]> source.dussan.org Git - rspamd.git/commitdiff
Add validity detector for statfiles inside classifier.
authorVsevolod Stakhov <vsevolod@rambler-co.ru>
Wed, 13 Jul 2011 09:07:45 +0000 (13:07 +0400)
committerVsevolod Stakhov <vsevolod@rambler-co.ru>
Wed, 13 Jul 2011 09:07:45 +0000 (13:07 +0400)
Add euristic to detect spam/ham classes based on statfile symbol.

src/cfg_file.h
src/cfg_utils.c
src/cfg_xml.c

index d15923639a29d35b373a66cb8d33e6cec06abae7..64a46d1499d990a56093131b0db5fc5e109b2689 100644 (file)
@@ -430,6 +430,7 @@ gboolean parse_normalizer (struct config_file *cfg, struct statfile *st, const g
 gboolean read_xml_config (struct config_file *cfg, const gchar *filename);
 gboolean check_modules_config (struct config_file *cfg);
 void insert_classifier_symbols (struct config_file *cfg);
+gboolean check_classifier_statfiles (struct classifier_config *cf);
 
 struct classifier_config* find_classifier_conf (struct config_file *cfg, const gchar *name);
 
index 6bd16d620fb0290eb0f659234ac3170f5844e350..56202d4f11aa6afaab93ba1654b49a392679d1c3 100644 (file)
@@ -1044,6 +1044,62 @@ find_classifier_conf (struct config_file *cfg, const gchar *name)
        return NULL;
 }
 
+gboolean
+check_classifier_statfiles (struct classifier_config *cf)
+{
+       struct statfile                *st;
+       gboolean                        has_other = FALSE, cur_class;
+       GList                          *cur;
+
+       /* First check classes directly */
+       cur = cf->statfiles;
+       while (cur) {
+               st = cur->data;
+               if (!has_other) {
+                       cur_class = st->is_spam;
+                       has_other = TRUE;
+               }
+               else {
+                       if (cur_class != st->is_spam) {
+                               return TRUE;
+                       }
+               }
+
+               cur = g_list_next (cur);
+       }
+
+       if (!has_other) {
+               /* We have only one statfile */
+               return FALSE;
+       }
+       /* We have not detected any statfile that has different class, so turn on euristic based on symbol's name */
+       has_other = FALSE;
+       cur = cf->statfiles;
+       while (cur) {
+               st = cur->data;
+               if (rspamd_strncasestr (st->symbol, "spam", -1) != NULL) {
+                       st->is_spam = TRUE;
+               }
+               else if (rspamd_strncasestr (st->symbol, "ham", -1) != NULL) {
+                       st->is_spam = FALSE;
+               }
+
+               if (!has_other) {
+                       cur_class = st->is_spam;
+                       has_other = TRUE;
+               }
+               else {
+                       if (cur_class != st->is_spam) {
+                               return TRUE;
+                       }
+               }
+
+               cur = g_list_next (cur);
+       }
+
+       return FALSE;
+}
+
 /*
  * vi:ts=4
  */
index 6953edb3a603faec9f4186d889014c0c0523c270..bb23dd64137503c50aca2850a2fd5736fd795252 100644 (file)

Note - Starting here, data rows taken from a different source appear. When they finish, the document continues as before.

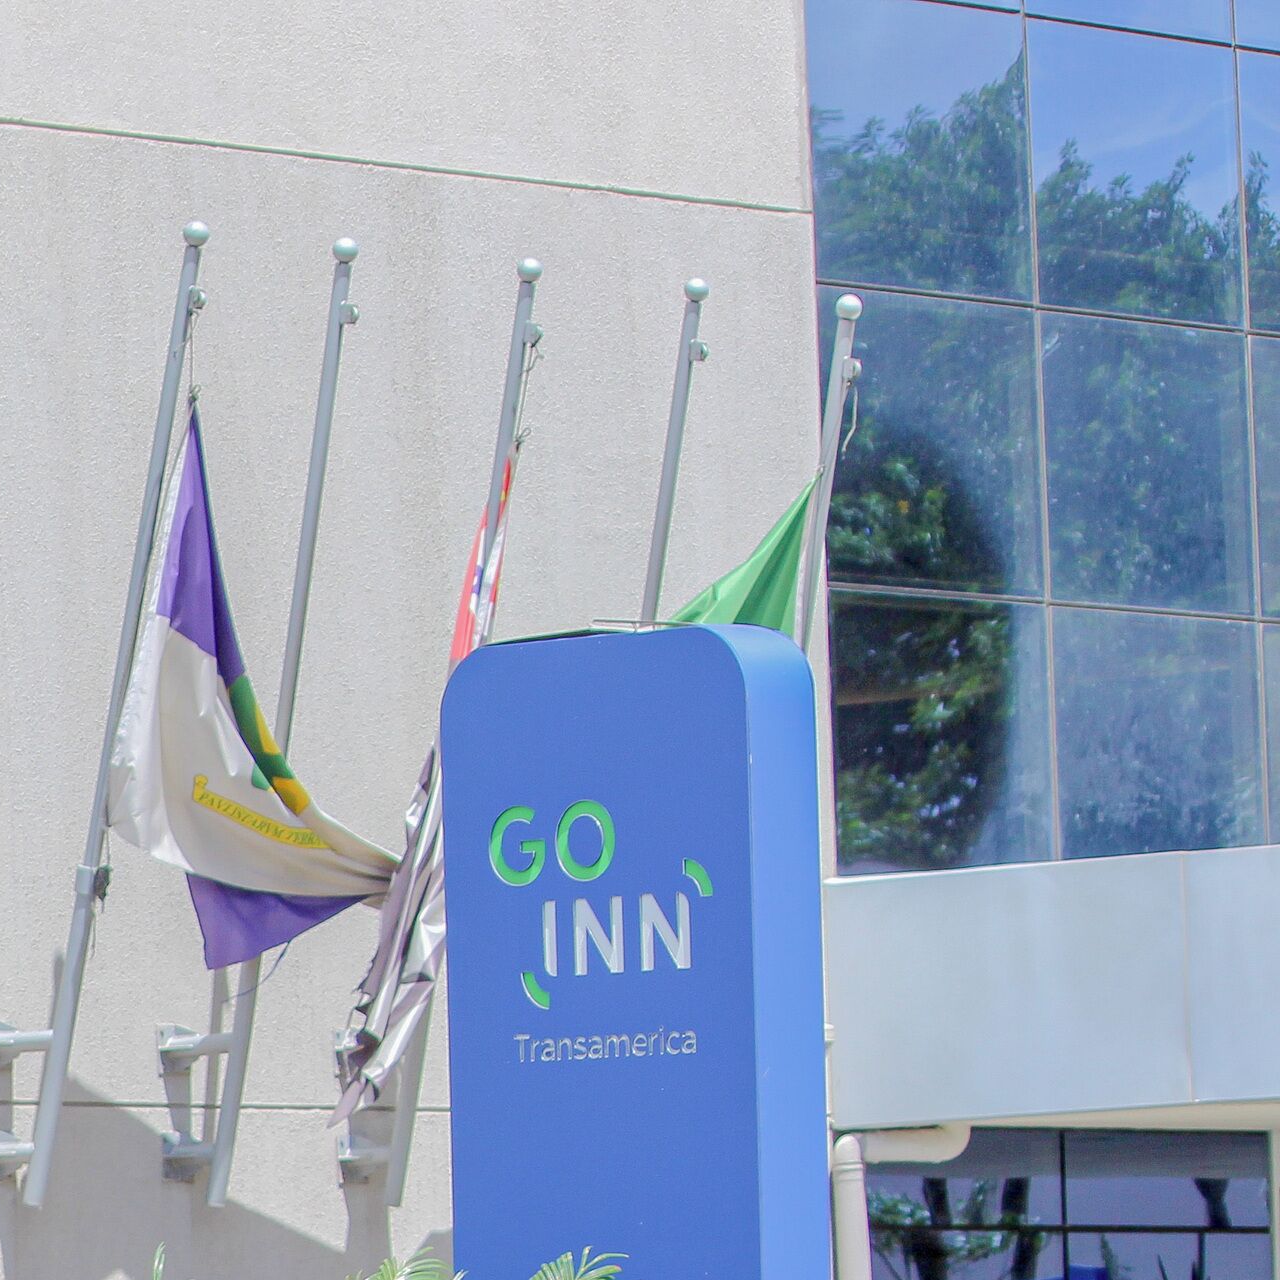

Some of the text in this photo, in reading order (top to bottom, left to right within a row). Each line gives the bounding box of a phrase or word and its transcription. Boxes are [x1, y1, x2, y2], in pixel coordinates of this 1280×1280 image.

[488, 799, 616, 888] GO
[542, 891, 692, 977] INN
[513, 1024, 698, 1064] Transamerica
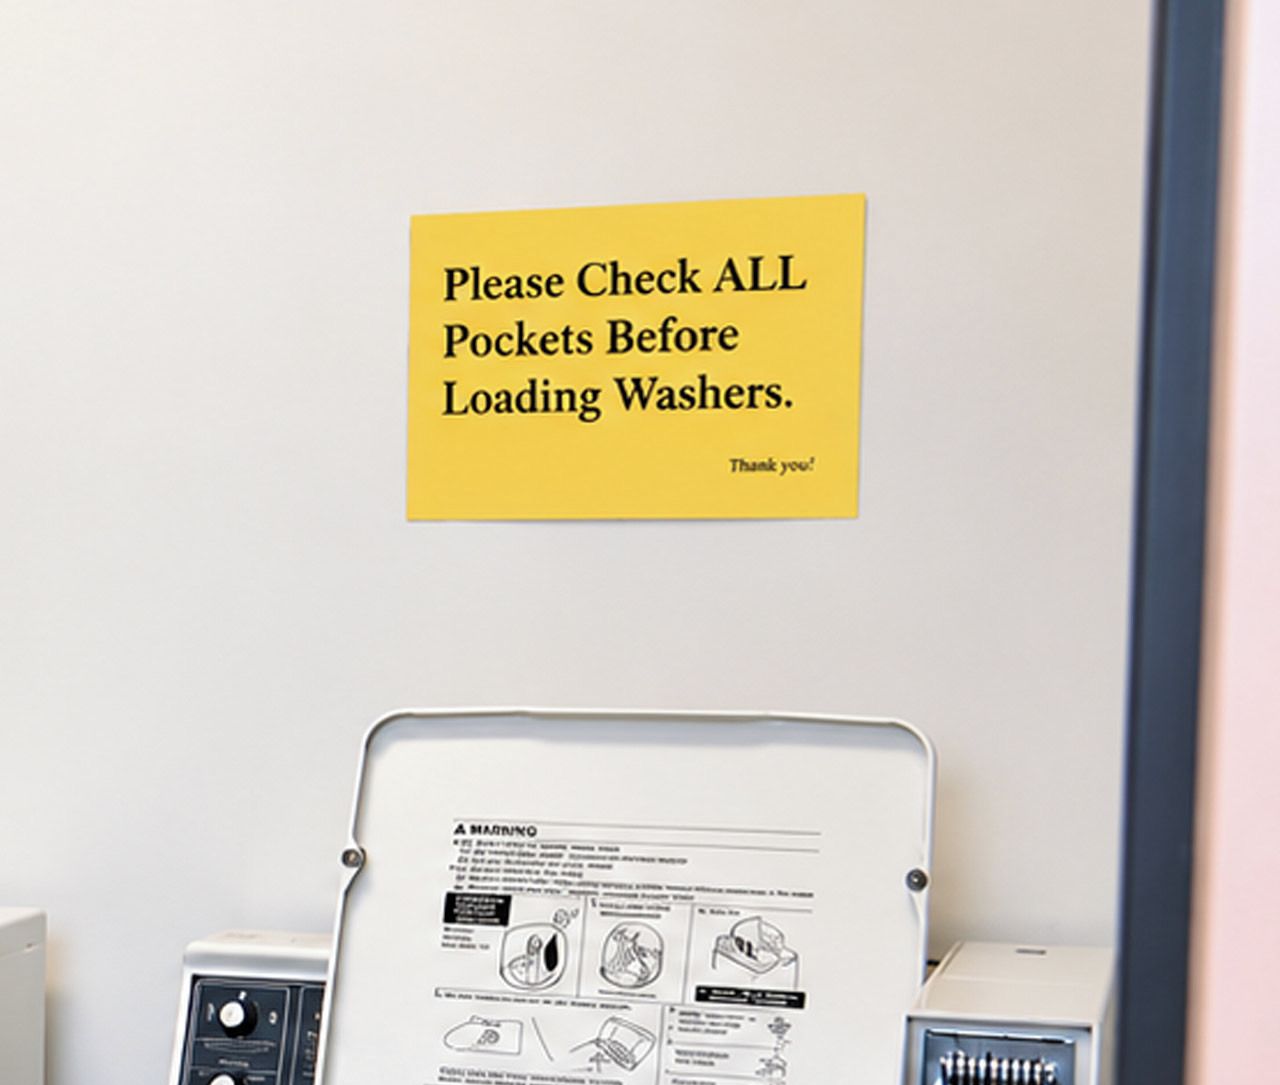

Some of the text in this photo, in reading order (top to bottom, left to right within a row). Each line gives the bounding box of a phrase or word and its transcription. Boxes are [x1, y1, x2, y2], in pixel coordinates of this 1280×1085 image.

[443, 254, 808, 302] Please Check ALL
[443, 315, 740, 359] Pockets Before
[441, 373, 793, 424] Loading Washers.
[729, 456, 815, 476] Thank you!

@@ -1790,8 +1790,8 @@ rspamd_xml_end_element (GMarkupParseContext       *context, const gchar *element_name,
                        CHECK_TAG ("classifier", FALSE);
                        if (res) {
                                ccf = ud->section_pointer;
-                               if (ccf->statfiles == NULL) {
-                                       *error = g_error_new (xml_error_quark (), XML_PARAM_MISSING, "classifier cannot contains no statfiles");
+                               if (ccf->statfiles == NULL || !check_classifier_statfiles (ccf)) {
+                                       *error = g_error_new (xml_error_quark (), XML_PARAM_MISSING, "classifier cannot contains no statfiles or statfiles of the same class");
                                        ud->state = XML_ERROR;
                                        return;
                                }